«Los colocaban en grupos de cinco antes de que el pelotón los acribillara a balazos…»
«(…) El paredón de Artillería de La Isleta estaba esos días de septiembre del 36 sobrecargado de fusilamientos, no daban abasto los muchachos del pelotón, tanto que varios se desmayaban por la impresión de tanta sangre. El Teniente Lázaro no dejaba de lanzar arengas y don Domingo Melián, el capellán militar, no paraba de dar la extremaunción, <el quinto sacramento>, decía don Pedro Murillo, el peninsular, uno de los curas que venían a los fusilamientos. Luego le hacían una cruz en la frente a los fusilados y decían un rezo, siempre era el mismo: <En el nombre del Padre, y del Hijo, y del Espíritu Santo, extíngase en ti toda virtud del diablo por la imposición de nuestras manos y por la invocación de todos los Santos, ángeles, arcángeles, Patriarcas, Profetas, Apóstoles, mártires, confesores, vírgenes y de todos los santos. Amén> Aquello daba miedo, se hacía el silencio y solo se escuchaba al sacerdote con aquellas palabras entre el viento y los muertos en el suelo acribillados a balazos. Yo iba de ayudante porque desde los siete años estaba de monaguillo en la iglesia del Carmen, don Pedro, el cura de La Aldea de San Nicolás, me empezó a llevar con apenas catorce años, me decía que debía ser fuerte porque estaba haciendo una obra de misericordia que iba a engrandecer mi vida pastoral. El tenía claro que yo iba a meterme en pocos años en el Seminario, pero todo aquello me hizo pensar muchas cosas, el ver que la Iglesia colaborara con todos aquellos crímenes me cuestionó, me hizo entrar en contradicciones que jamás pude resolver, solo cuando me fui a la Universidad de La Laguna a estudiar Derecho años después entré en razón, me di cuenta de que todo aquello era una mentira, de que aquellos curas eran también unos criminales igual que los militares y falangistas. Vi hombres muertos entre el picón y la sangre con crucifijos en el pecho, creyentes cristianos asesinados solo por pensar diferente a las bestias que encabezaron aquella matanza en la isla.
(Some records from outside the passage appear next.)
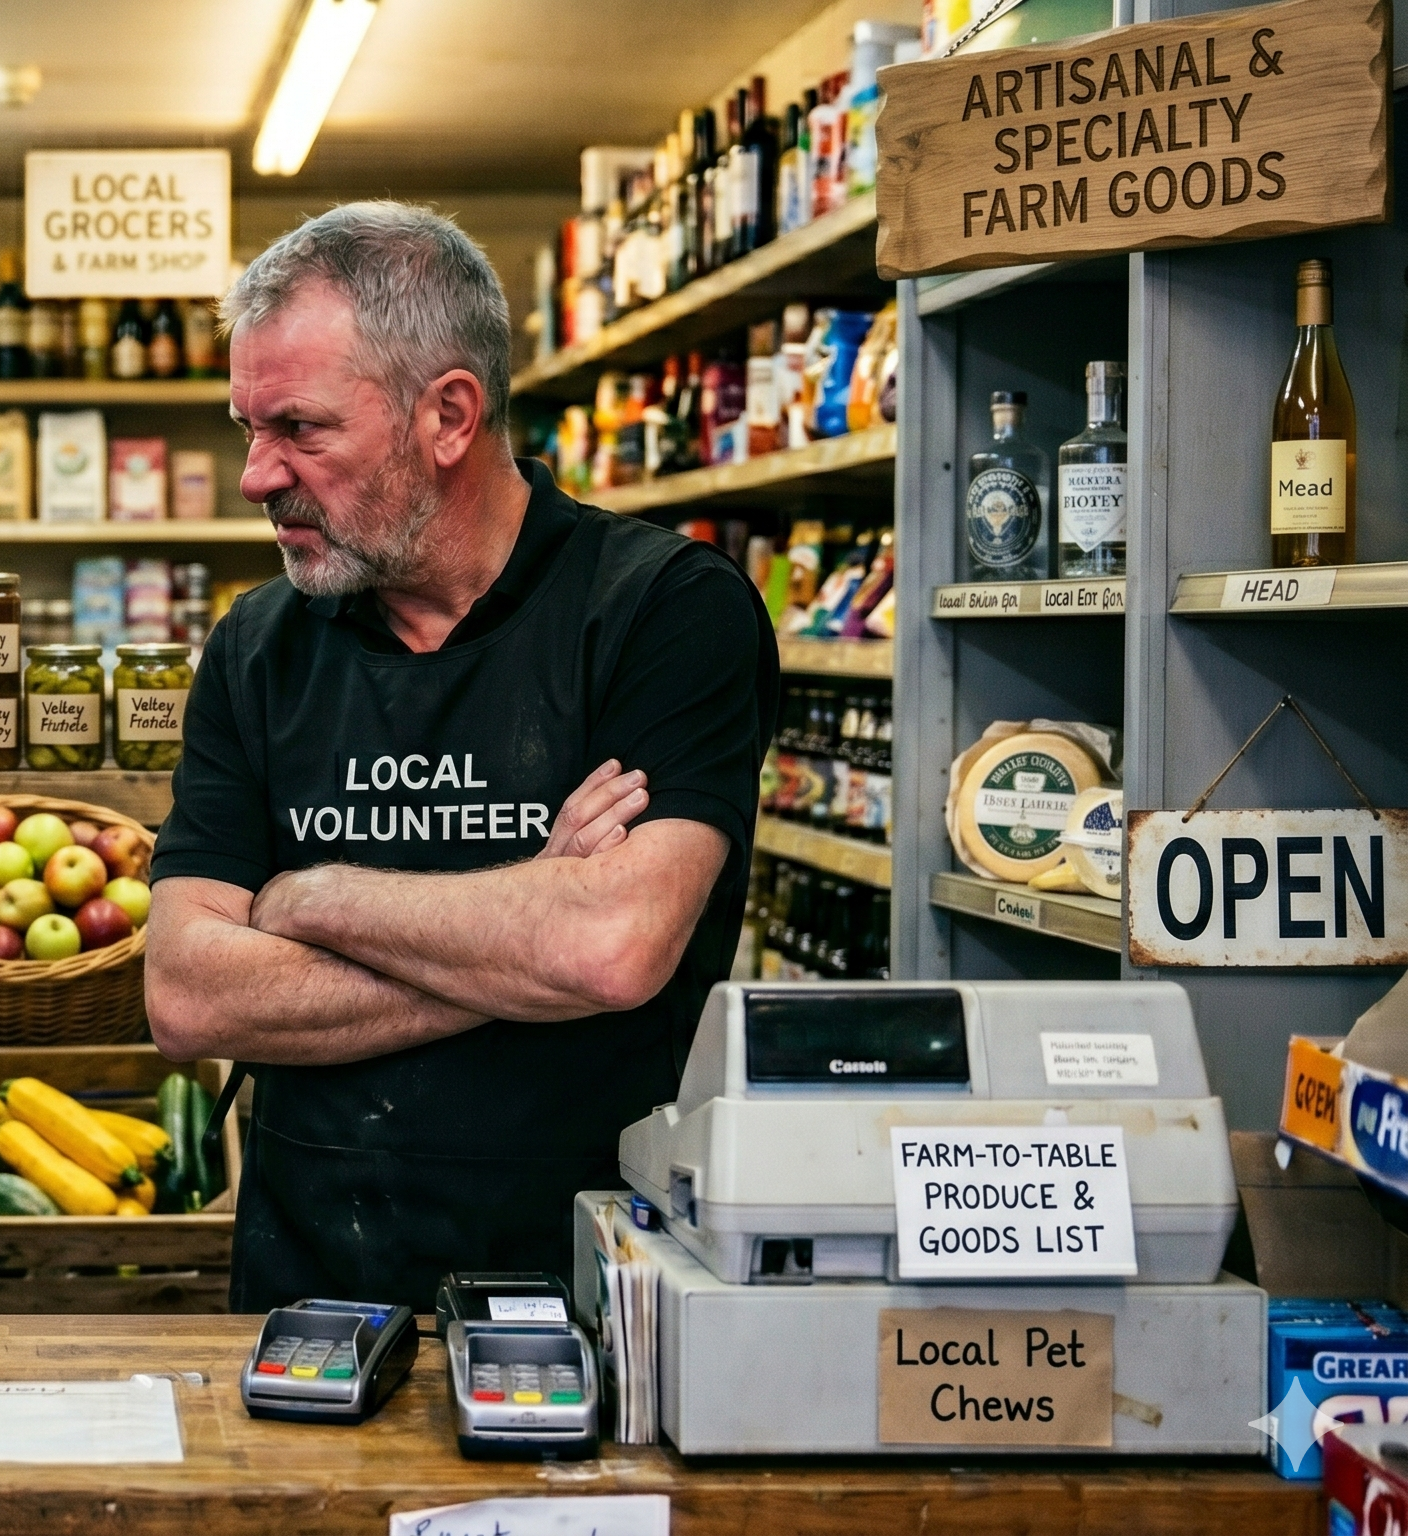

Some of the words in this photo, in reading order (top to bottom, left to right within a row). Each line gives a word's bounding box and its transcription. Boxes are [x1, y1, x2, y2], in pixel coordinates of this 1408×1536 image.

[962, 37, 1232, 121] ARTISANAL
[1249, 28, 1285, 78] &
[994, 93, 1253, 174] SPECIALTY
[72, 173, 185, 204] LOCAL
[963, 177, 1088, 238] FARM
[1108, 151, 1287, 218] GOODS
[44, 210, 213, 241] GROCERS
[53, 253, 67, 272] &
[77, 253, 137, 272] FARM
[147, 252, 206, 272] SHOP
[1278, 477, 1333, 497] Mead
[1240, 578, 1299, 602] HEAD
[345, 753, 488, 791] LOCAL
[289, 802, 550, 841] VOLUNTEER
[1156, 836, 1386, 941] OPEN
[901, 1142, 1117, 1168] FARM-TO-TABLE
[924, 1182, 1058, 1210] PRODUCE
[1073, 1180, 1095, 1210] &
[919, 1225, 1020, 1256] GOODS
[1036, 1225, 1104, 1253] LIST
[897, 1328, 999, 1366] Local
[1026, 1327, 1086, 1368] Pet
[930, 1383, 1055, 1422] Chews
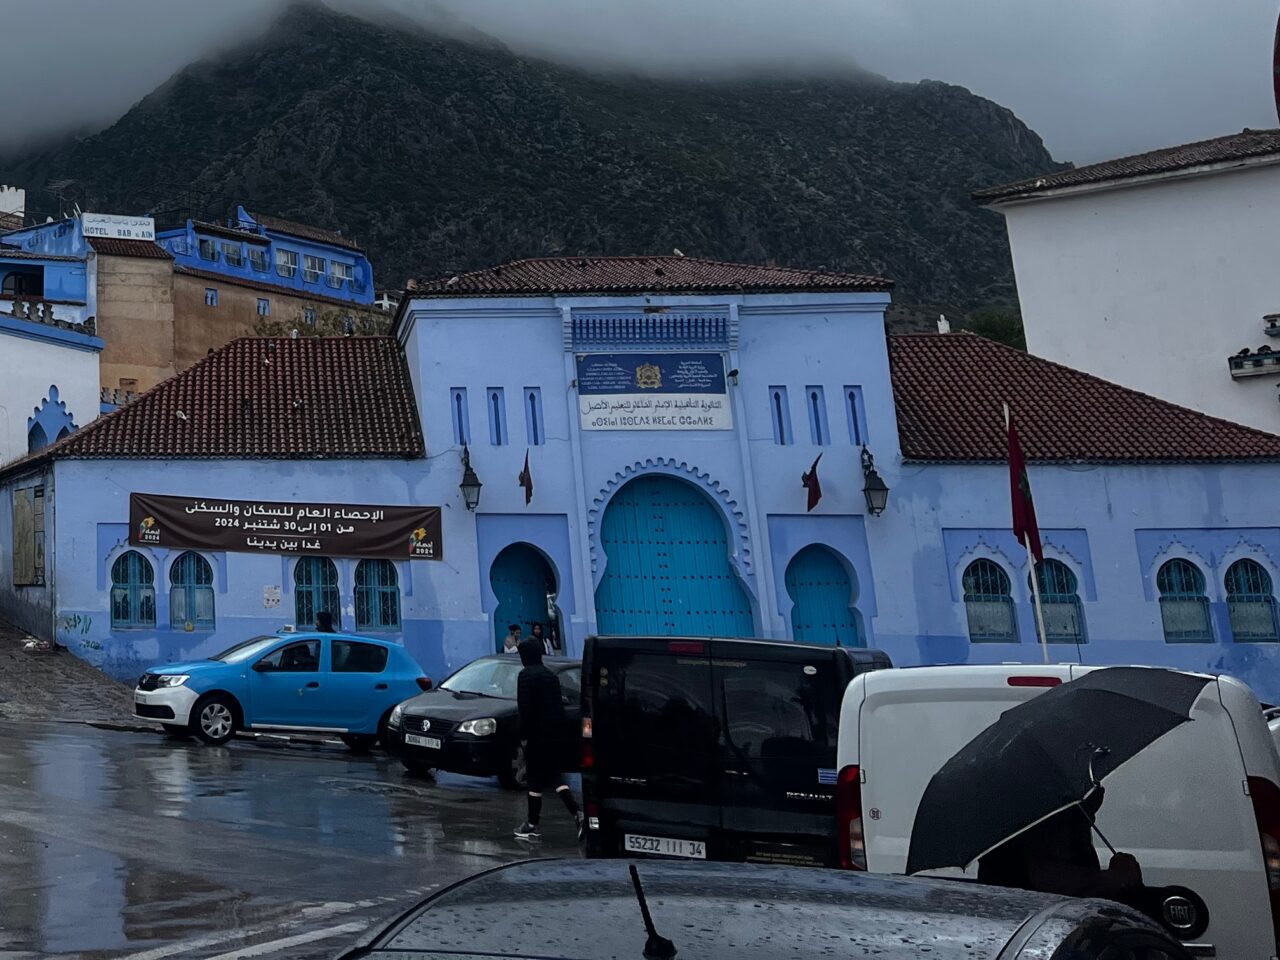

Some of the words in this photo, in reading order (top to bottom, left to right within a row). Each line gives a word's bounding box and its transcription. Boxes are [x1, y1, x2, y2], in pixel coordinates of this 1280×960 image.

[84, 226, 109, 236] HOTEL
[117, 229, 132, 237] BAB
[141, 230, 153, 239] AIN
[185, 501, 240, 517] والسكنى
[243, 504, 294, 518] للسكان
[296, 507, 331, 520] العام
[214, 518, 240, 527] 2024
[333, 509, 384, 523] الإحصاء
[242, 518, 281, 531] شتنبر
[283, 521, 296, 530] 30
[297, 522, 317, 534] إلى
[320, 522, 332, 532] 01
[336, 523, 355, 534] من
[246, 536, 277, 550] يدينا
[280, 538, 298, 551] بين
[302, 539, 321, 549] غدا
[629, 836, 661, 852] 55232
[689, 842, 703, 856] 34
[1169, 905, 1190, 921] FIAT
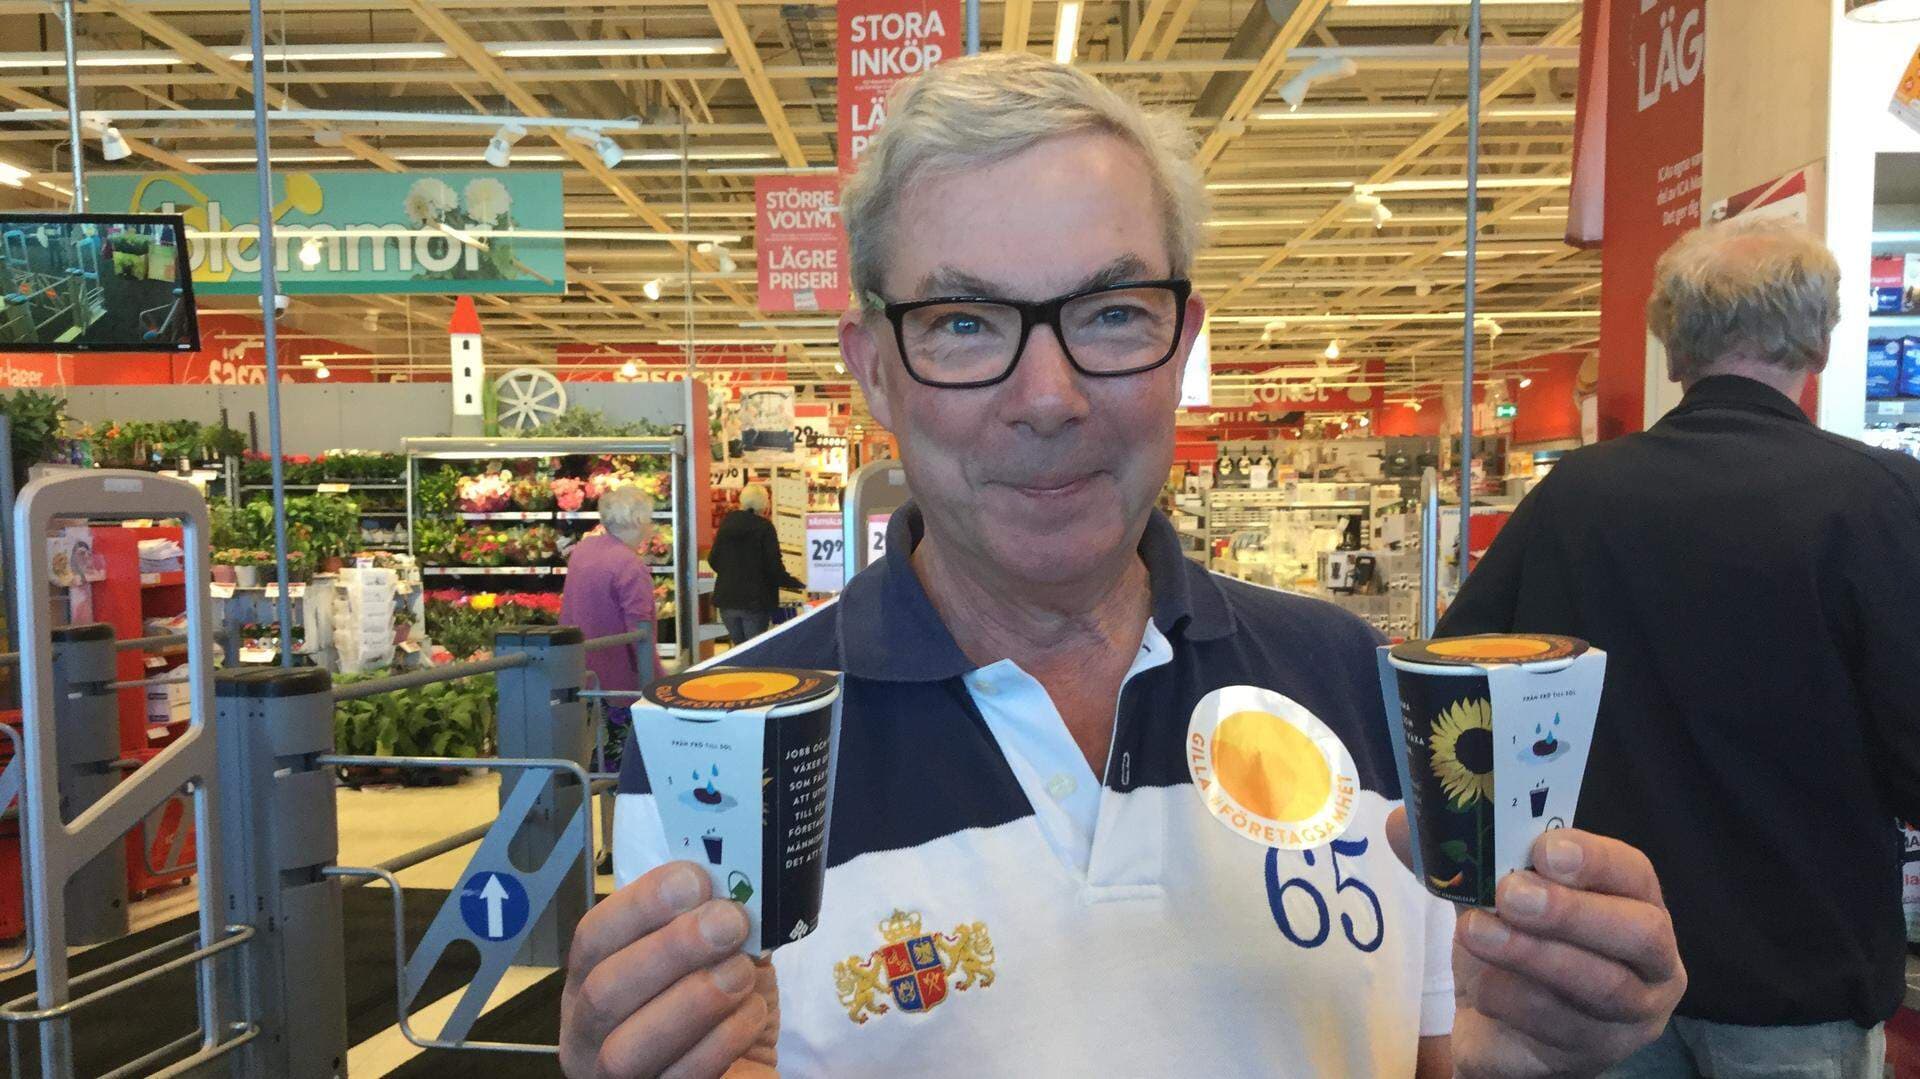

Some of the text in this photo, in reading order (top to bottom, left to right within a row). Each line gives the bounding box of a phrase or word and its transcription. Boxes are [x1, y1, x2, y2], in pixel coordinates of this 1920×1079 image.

[851, 10, 945, 42] STORA
[851, 38, 942, 77] INKÖP
[851, 96, 888, 132] LÄ
[766, 187, 834, 209] STÖRRE
[767, 211, 836, 229] VOLYM.
[162, 202, 493, 273] blommor
[768, 246, 838, 270] LÄGRE
[768, 272, 838, 290] PRISER!
[873, 531, 887, 550] 2
[1190, 732, 1213, 792] GILLA
[789, 777, 811, 792] SOM
[1265, 836, 1384, 953] 65
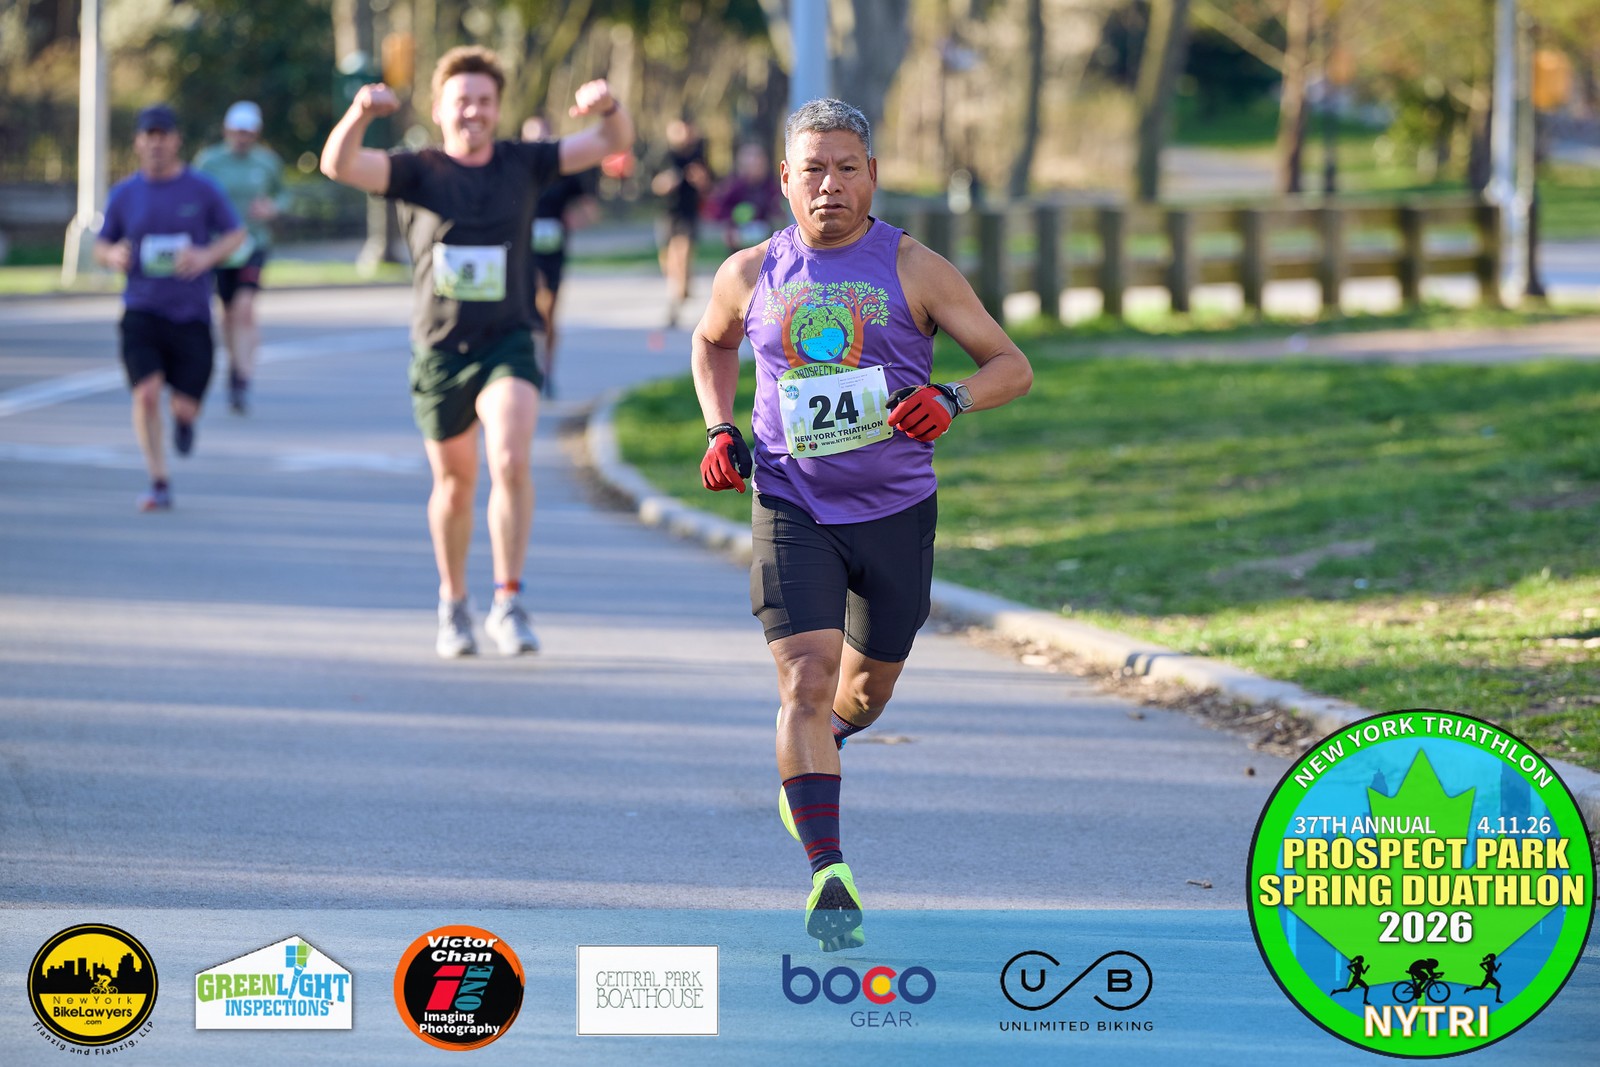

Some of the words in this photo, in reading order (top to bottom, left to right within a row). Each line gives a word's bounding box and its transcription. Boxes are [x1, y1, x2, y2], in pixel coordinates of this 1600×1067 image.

[794, 365, 833, 379] PROSPECT
[808, 390, 860, 431] 24
[794, 434, 812, 443] NEW
[813, 431, 837, 441] YORK
[838, 420, 884, 437] TRIATHLON
[821, 435, 862, 446] www.NYTRI.org
Sigo siendo cristiano, todavía voy a misa, pero nunca podré perdonar a los causantes de tantas matanzas. El paredón sigue en mi mente, los gritos de aquellos pobres antes de ser fusilados, las pocas esposas que lograban llegar a tiempo a la ejecución llorando de pena por sus maridos. Nuestro señor Jesucristo jamás hubiera permitido todo aquello…»
Fragmento del testimonio de Ramón Cedrés Almeida, testigo directo de varios fusilamientos en el campo de tiro de La Isleta (Isla de Gran Canaria). Entrevista realizada el 8 de enero de 2002 en Arrecife de Lanzarote.